▸ **Assignment**: Nothing but the data, repeated exactly, belongs in the answer.

======== Excerpted records ========

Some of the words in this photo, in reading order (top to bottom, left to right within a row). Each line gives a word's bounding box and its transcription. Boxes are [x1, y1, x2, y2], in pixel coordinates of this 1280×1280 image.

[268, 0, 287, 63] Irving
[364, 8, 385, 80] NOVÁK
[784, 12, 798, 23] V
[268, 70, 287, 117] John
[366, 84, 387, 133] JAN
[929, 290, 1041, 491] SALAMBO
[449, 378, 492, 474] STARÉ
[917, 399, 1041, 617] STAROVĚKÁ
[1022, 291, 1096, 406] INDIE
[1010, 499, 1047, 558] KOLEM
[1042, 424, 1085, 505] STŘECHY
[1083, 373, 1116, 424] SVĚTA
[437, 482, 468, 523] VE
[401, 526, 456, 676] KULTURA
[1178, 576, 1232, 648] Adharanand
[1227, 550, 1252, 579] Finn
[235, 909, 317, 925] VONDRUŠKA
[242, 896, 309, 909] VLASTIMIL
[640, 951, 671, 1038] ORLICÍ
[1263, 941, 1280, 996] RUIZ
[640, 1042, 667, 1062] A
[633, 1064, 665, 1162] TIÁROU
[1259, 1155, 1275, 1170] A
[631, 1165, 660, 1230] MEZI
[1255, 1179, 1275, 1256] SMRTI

========

▸ **Task solution**:
Some of the words in this photo, in reading order (top to bottom, left to right within a row). Each line gives a word's bounding box and its transcription. Boxes are [x1, y1, x2, y2], in pixel coordinates of this 1280×1280 image.

[268, 0, 287, 63] Irving
[364, 8, 385, 80] NOVÁK
[784, 12, 798, 23] V
[268, 70, 287, 117] John
[366, 84, 387, 133] JAN
[929, 290, 1041, 491] SALAMBO
[449, 378, 492, 474] STARÉ
[917, 399, 1041, 617] STAROVĚKÁ
[1022, 291, 1096, 406] INDIE
[1010, 499, 1047, 558] KOLEM
[1042, 424, 1085, 505] STŘECHY
[1083, 373, 1116, 424] SVĚTA
[437, 482, 468, 523] VE
[401, 526, 456, 676] KULTURA
[1178, 576, 1232, 648] Adharanand
[1227, 550, 1252, 579] Finn
[235, 909, 317, 925] VONDRUŠKA
[242, 896, 309, 909] VLASTIMIL
[640, 951, 671, 1038] ORLICÍ
[1263, 941, 1280, 996] RUIZ
[640, 1042, 667, 1062] A
[633, 1064, 665, 1162] TIÁROU
[1259, 1155, 1275, 1170] A
[631, 1165, 660, 1230] MEZI
[1255, 1179, 1275, 1256] SMRTI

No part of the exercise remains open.